Inflammation of the vertebrae is a disease of frequent occurrence, not only in the young, in whom it is most observed, but also in adults. Indeed, old age is not exempt from it. Any portion of the column, or even any single vertebra, may be the seat of inflammation; but the parts mostly affected are the upper cervical vertebrae, and, next in frequency, the lower dorsal and the adjoining upper lumbar vertebrae. It is very commonly the primary disease, but sometimes it is brought on by previous inflammation and suppuration of the ligamentous apparatus of the column, and of the intervertebral substances. In most cases, it runs a chronic course, very often it is of tubercular nature, and terminates in caries and necrosis. When this is the case, matter usually forms and collects near the column, especially on its anterior surface; and, in favorable cases, opens externally: the track of the matter is sometimes very long, and the external opening far distant from the disease. The carious destruction may then be repaired by anchylosis, and by the column falling together at an angle, corresponding to the quantify of substance lost; but far more frequently the disease exhausts the patient, the symptoms usually showing that the spinal cord and its membranes suffer in some way or other. Thus the cord itself may be compressed from the tumefaction of the ligamentous apparatus, from the protrusion of an abscess into the canal, from dislocation of fragments, or of the whole, of a vertebra, or by the products of circumscribed inflammation of the dura mater of the cord; or it may be bent and irritated at the spot where the angular projection is beginning; it may waste, or circumscribed inflammation may take place in it, or diffused inflammation in its membranes, etc. Moreover, when the upper cervical vertebrae are carious, the odontoid process, being set free from its own ligaments, may, by a sudden turn of the head, tear through the inflamed and softened ligament and the dura mater, which confine it behind, and projecting naked into the canal, may crush the spinal marrow. When the upper dorsal vertebrae are carious, the abscess sometimes opens into one of the bronchi, and matter and necrosed fragments of vertebrae are discharged through the air-passage. Caries of the abdominal part of the column is very often combined with what is called psoas abscess.
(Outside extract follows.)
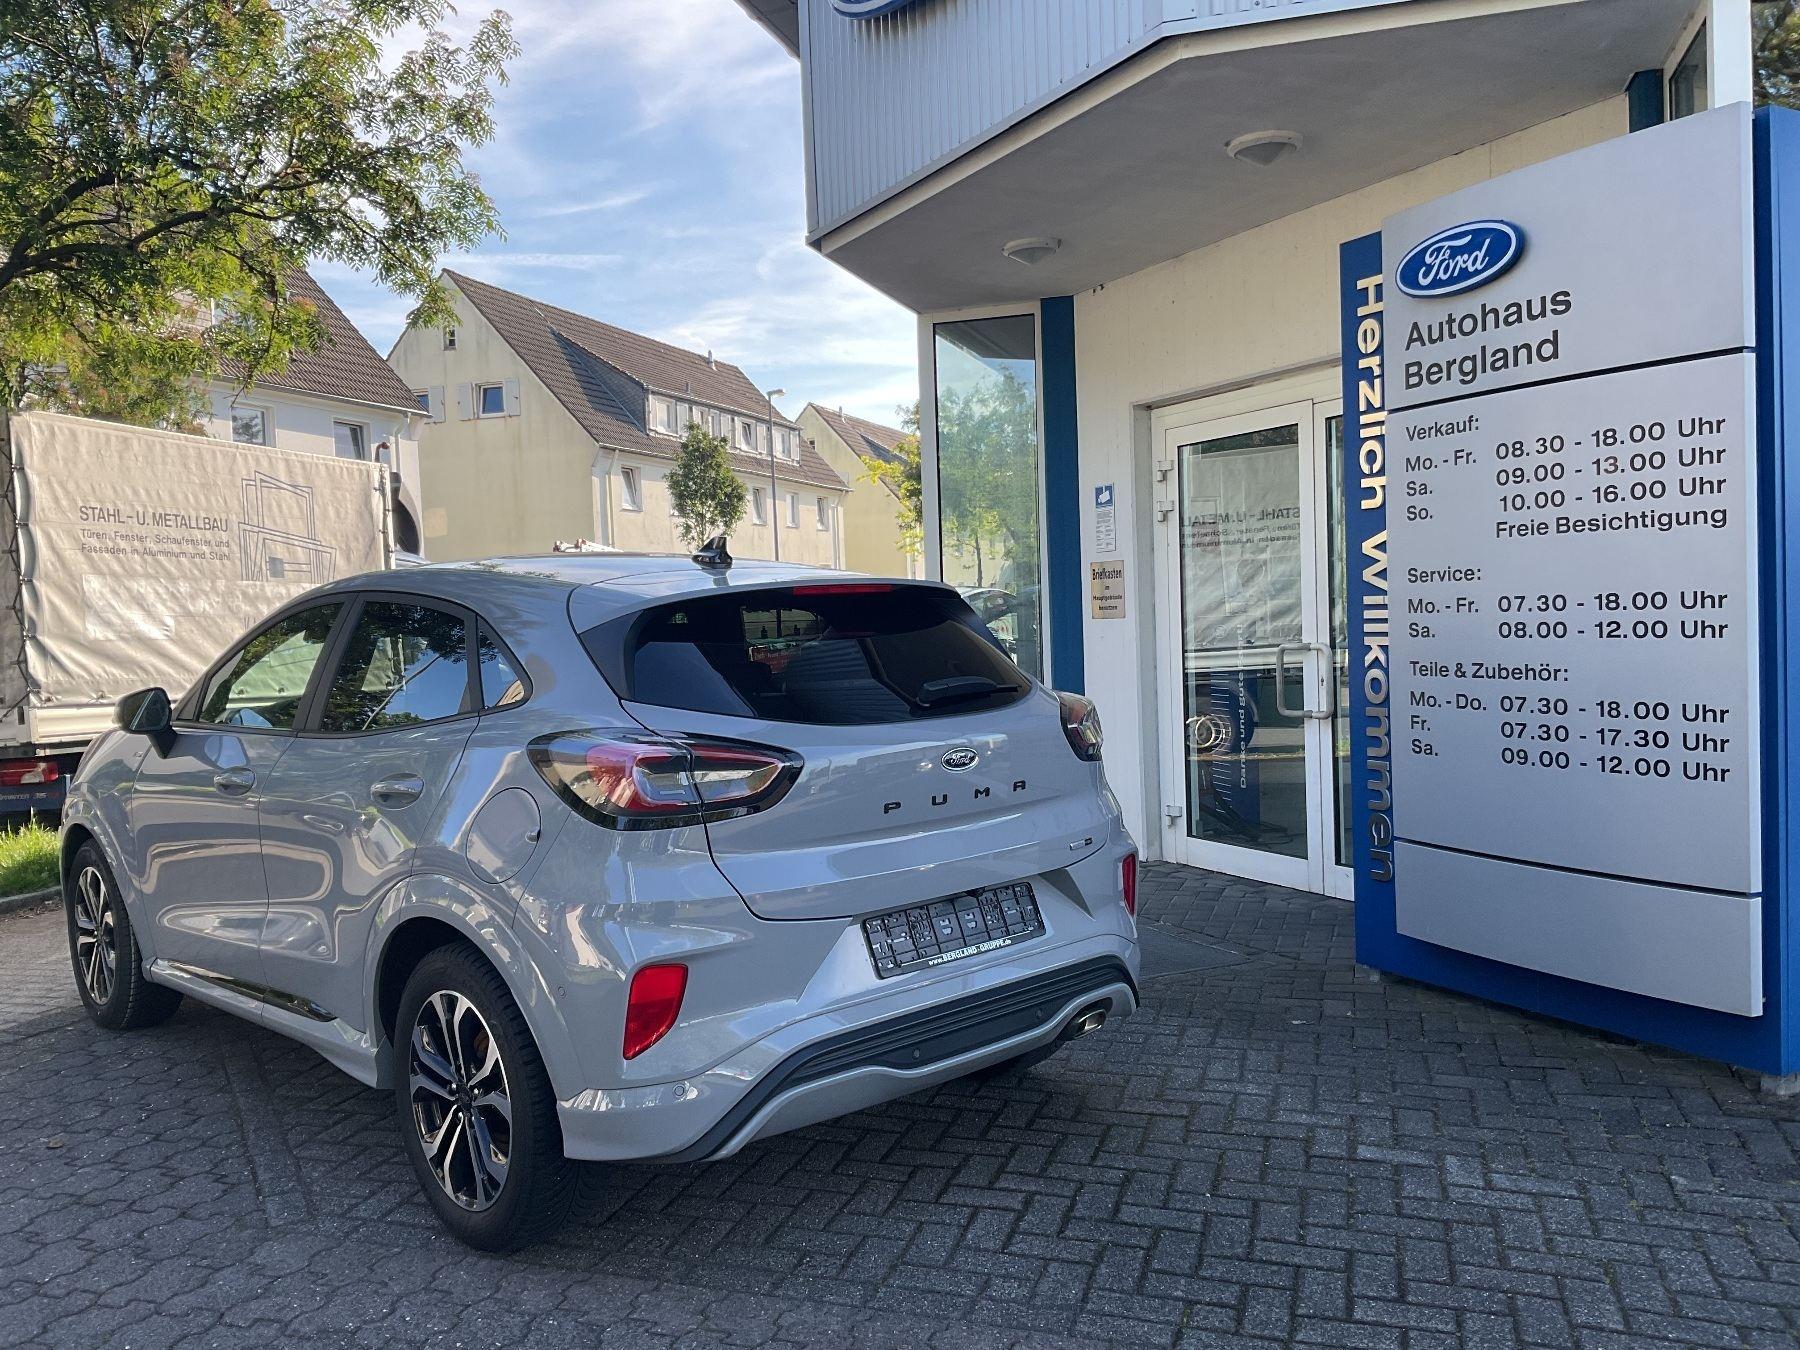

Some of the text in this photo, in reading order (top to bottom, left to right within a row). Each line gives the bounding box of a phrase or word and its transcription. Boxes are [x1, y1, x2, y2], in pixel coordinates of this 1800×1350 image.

Rickets in the spine may be distinguished by the peculiar change which it effects in the texture of the bones and by the curvatures produced in it by rickety deformity of the pelvis. As there is generally more distortion on one side of the pelvis than on the other, the curvature in the loins is usually directed forwards, and to one side.
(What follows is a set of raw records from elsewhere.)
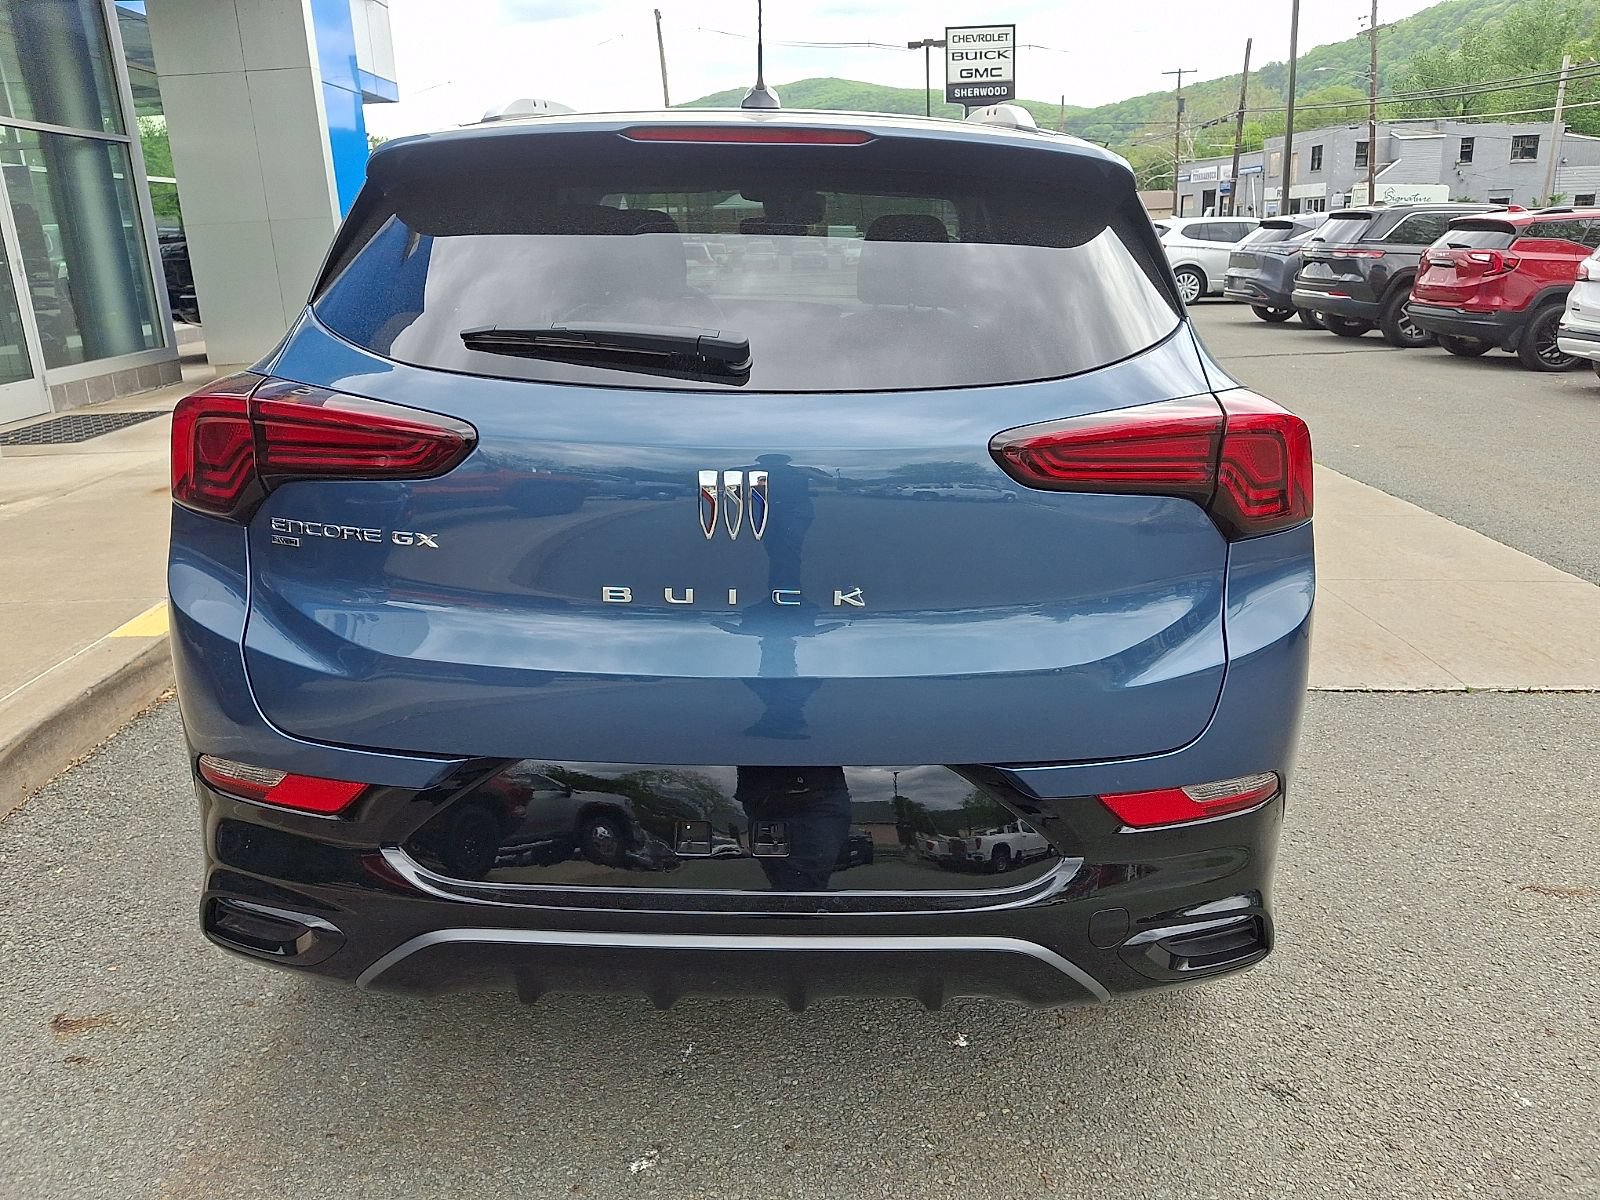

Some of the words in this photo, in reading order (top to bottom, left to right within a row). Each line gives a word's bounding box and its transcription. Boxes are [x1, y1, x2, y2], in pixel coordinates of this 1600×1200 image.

[952, 33, 1010, 44] CHEVROLET
[951, 49, 1011, 62] BUICK
[959, 67, 1003, 79] GMC
[954, 86, 1008, 98] SHERWOOD
[271, 517, 382, 544] ENCORE
[391, 530, 439, 549] GX
[602, 585, 867, 607] BUICK
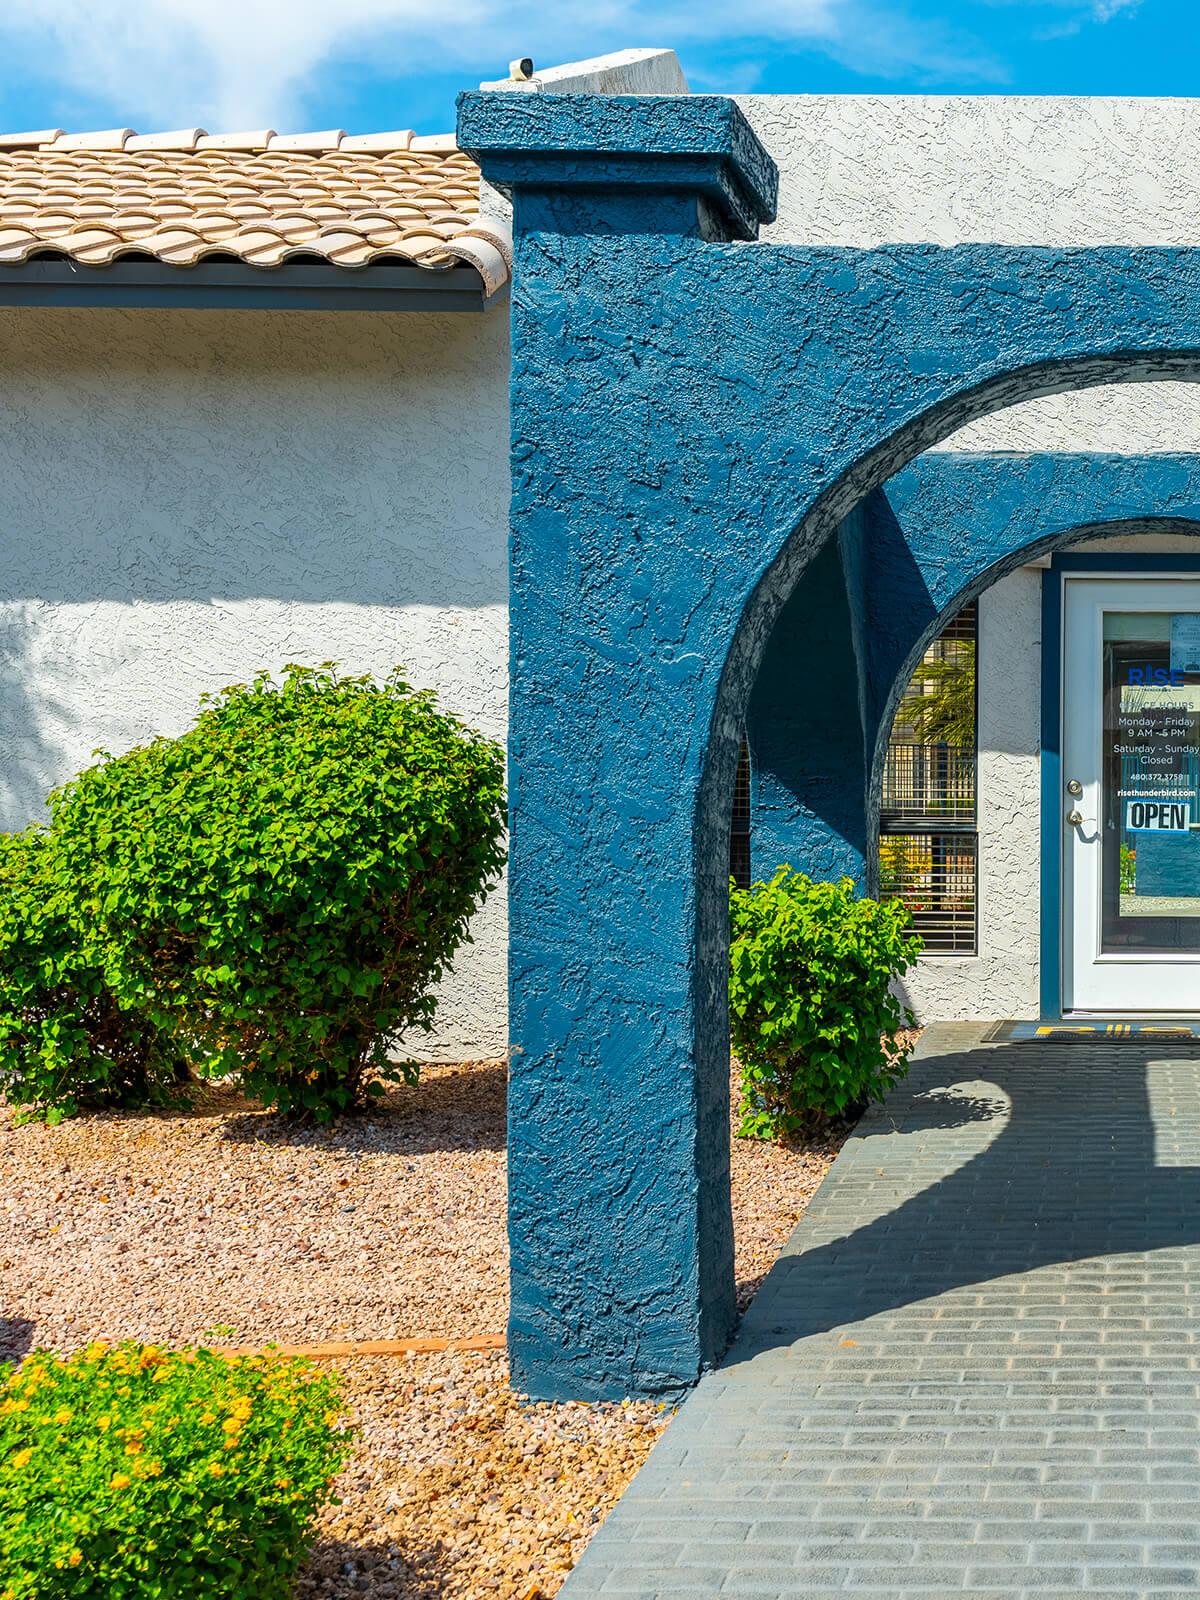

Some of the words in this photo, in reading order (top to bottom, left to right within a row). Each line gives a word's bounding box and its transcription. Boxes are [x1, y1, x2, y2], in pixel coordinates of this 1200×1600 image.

[1128, 664, 1185, 687] RISE
[1159, 702, 1194, 710] HOURS
[1118, 718, 1156, 727] Monday
[1165, 717, 1195, 727] Friday
[1128, 729, 1134, 737] 9
[1137, 729, 1153, 737] AM
[1162, 729, 1168, 737] 5
[1170, 729, 1186, 737] PM
[1113, 744, 1156, 754] Saturday
[1165, 744, 1200, 754] Sunday
[1140, 755, 1173, 764] Closed
[1117, 789, 1196, 797] risethunderbird.com
[1131, 802, 1185, 830] OPEN
It has already been remarked, that all the bones of the trunk are subject to mollities osslum, but especially those of the spine. It occasions different deformities, both of the pelvis and of the vertebral column, according to the particular condition of the patients. They are, for the most part, bedridden, so that the usual effects of the disease are an arched incurvation of the whole spinal column and elevation of the pelvis, produced by the pressure upon the sacrum and tubera ischii.
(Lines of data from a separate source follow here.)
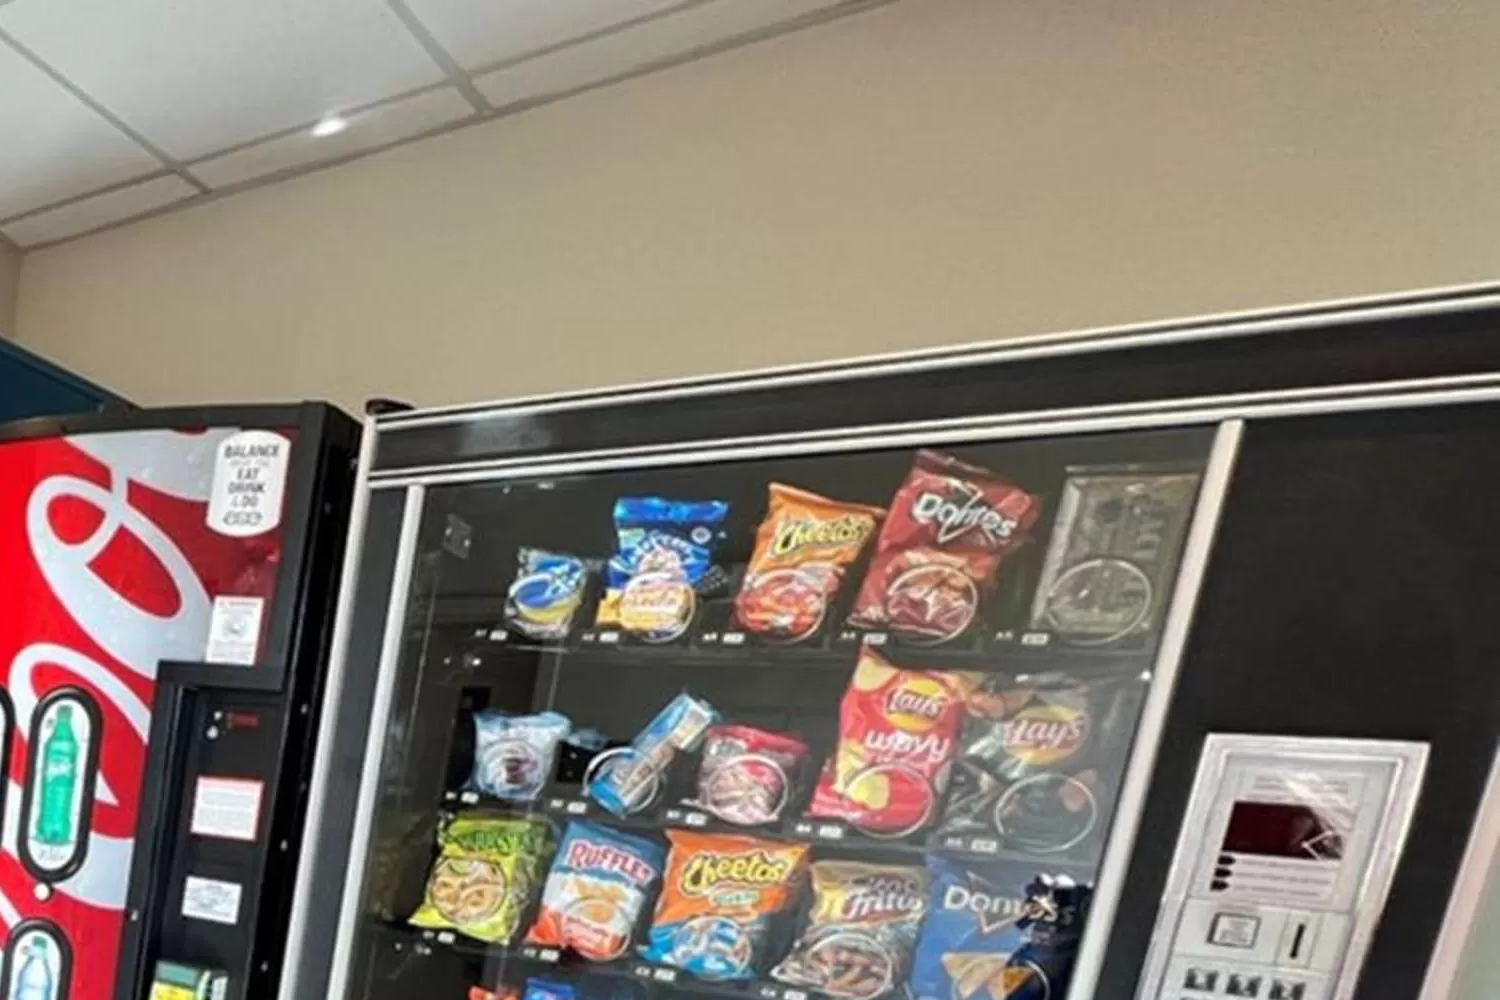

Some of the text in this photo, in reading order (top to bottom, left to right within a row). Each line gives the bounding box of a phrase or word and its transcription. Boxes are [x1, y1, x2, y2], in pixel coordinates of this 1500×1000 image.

[224, 444, 280, 458] BALANCE
[228, 482, 266, 494] DRINK
[237, 467, 260, 480] EAT
[912, 491, 1018, 540] Doritos
[773, 518, 870, 556] Cheetos
[568, 842, 655, 886] RUFFLES
[682, 852, 787, 893] Cheetos
On the subject of adventitious growths, reference may be made to what has been already stated; those chiefly met with are tubercle and cancer. The former is of very frequent occurrence; it gives rise to extensive caries and necrosis of the column, and to the various consecutive appearances and terminations which have been pointed out as those of inflammation of the vertebrae. Cancerous deposits are more rarely met with in the vertebrae than in other bones. The same relations obtain, between cancer of the vertebrae and fungus, as it is called, of the spinal dura mater, as between the same disease in the cranium, and in the dura mater within the head: the former, when situated in the bones, may spread to the spinal dura mater, and the fungus of that membrane may reach from its original seat to the vertebrae, and become a fungus of bone.